Thinking again about _Life is Sweet_, which poses a question about
"life" in terms of nourishment, the anorexic daughter's refusal of
food being correlated with a refusal of life. Other positions in
relation to food/life are also considered: the child-like
restauranteur who believes in his own genius but prepares food that
nobody could possibly want to eat, the father's work in the kitchens
as a wage-labourer keeping others fed, his dream of striking out on
his own with a delapidated catering van, and so on.
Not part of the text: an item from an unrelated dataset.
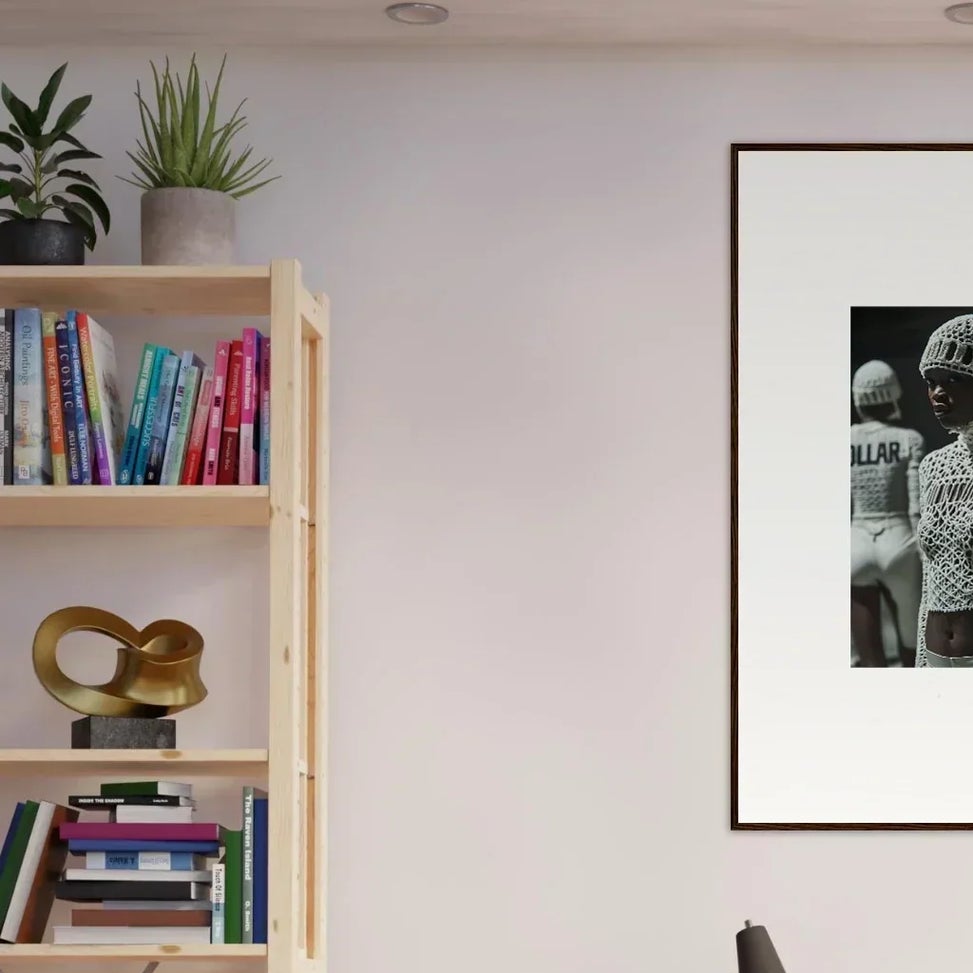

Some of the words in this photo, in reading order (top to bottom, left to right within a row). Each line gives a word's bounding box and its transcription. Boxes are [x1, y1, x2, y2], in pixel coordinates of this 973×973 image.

The difficulty I have with the film is with the binary it sets up
between eating/acceptance of life/striving and not-eating/refusal of
life/"giving up". Leigh's affection for ordinary people trying to make
the best of things is well and good, but in presenting the
alternatives as delusion (Aubrey) and self-negation (Nicola) he seems
to be ruling out any kind of rational opposition to the existing state
of affairs. Plenty of "socialism of the heart", but people have brains
as well - you just don't often see them use them *effectively* in
Leigh's movies (in _Naked_, it's clear that Johnny's furious
autodidact intelligence is being misapplied, that he's on a hiding to
nothing).
David Thewlis berating Nicola for her "fake" feminism is symptomatic -
why can't she, anorexic or no, be a real and serious feminist? Why
must Leigh's lefties in _High Hopes_ be these nice, caring, slightly
dopey people who really ought to be settling down and raising children
instead of getting depressed about the woes of the world? What I find
odd is the combination of a strongly politicised world-view - _High
Hopes_ has plenty to say on the subject of class, money and the
barbarities of the Thatcher era - and a frankly pacifying view of how
life should be lived under such conditions: yes, of course, "we should
be careful of each other, we should be kind", but what about "it is
right to rebel against reactionaries"?